Well, I like to think I know C.  I've been doing it since before I did
any other language (well, except BASIC, but I did the 12-step program
and recovered from that after I picked up C.  I swear I haven't
touched it since!).  But that construct never sat well with me; it
always makes my brain lurch.


> fullermd> a fair number of C coding standards I've seen mandate no
> fullermd> explicit comparison for obvious predicates, and require the
> fullermd> comparison when it's not).
> 
> Actually, I like that.  Now, all we need to clear is what
> constitutes the grey area of what is obvious and what is not.

Oh, well, that's the crux of the disagreement, isn't it?  ;)

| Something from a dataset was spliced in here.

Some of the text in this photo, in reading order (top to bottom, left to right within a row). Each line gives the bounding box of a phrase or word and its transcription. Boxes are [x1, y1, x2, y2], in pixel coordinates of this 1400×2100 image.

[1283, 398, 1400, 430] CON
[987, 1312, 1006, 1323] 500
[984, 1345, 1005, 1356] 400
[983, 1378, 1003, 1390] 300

To me, if it's not fairly obviously (to the glance) and correctly (to
code tracing) boolean, it doesn't belong bare in a conditional.
Variables/functions with names like "isallowed" or "can_access()" meet
the first criterion (and hopefully meet the second, or the implementor
gets the Board Of Education across the back).  Statements around
binary comparison operators like == and < meet both.

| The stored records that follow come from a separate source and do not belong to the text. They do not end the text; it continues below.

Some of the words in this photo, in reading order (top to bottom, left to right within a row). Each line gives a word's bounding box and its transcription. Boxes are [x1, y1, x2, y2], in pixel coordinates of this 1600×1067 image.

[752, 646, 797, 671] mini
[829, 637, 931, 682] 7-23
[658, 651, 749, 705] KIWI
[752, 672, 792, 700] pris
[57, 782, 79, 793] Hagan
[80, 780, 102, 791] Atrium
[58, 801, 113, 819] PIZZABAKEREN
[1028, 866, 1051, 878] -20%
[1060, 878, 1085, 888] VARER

If CtwmSetVScreenMap()'s 'tally' were called something like
'hasnames', it would satify the first condition.  And if it were =1'd
instead of ++'d, it would satify the second.  It would still be an
unnecessary variable, of course   :]

To me, though, things like pointers and non-bistate numeric types fail
both; that they work is a side effect (intentional though it may be)
of C's lacking a real boolean type and so treating other types as if
they implicitly were such.


I suspect that we've plowed this furrow pretty well by now, though.  I
think we're doomed to disagree.  Worse, I think I'm outvoted  :(.  So,
do you want to declare a Project Style on it, or leave it open?  I'd
suggest at least bounding marks on both sides, even if the middle is
left to discretion.  e.g.:

- DO NOT use explicit tests on obvious predicates:
    if(user_can_change(this)==1) /* BAD */
    if(user_can_change(this))    /* GOOD */

- DO use explicit tests on functions that don't return intentionally
  (and obviously?) boolean values:
    while((tmp = get_next_window()))         /* BAD */
    while((tmp = get_next_window()) != NULL) /* GOOD */
    if(!strcmp(x, y))   /* BAD */
    if(strcmp(x, y)!=0) /* GOOD */

- [everything else]


Probably should move on to the other (and largely most substantive)
style questions...


-- 
Matthew Fuller     (MF4839)   |  [EMAIL PROTECTED]
Systems/Network Administrator |  http://www.over-yonder.net/~fullermd/
           On the Internet, nobody can hear you scream.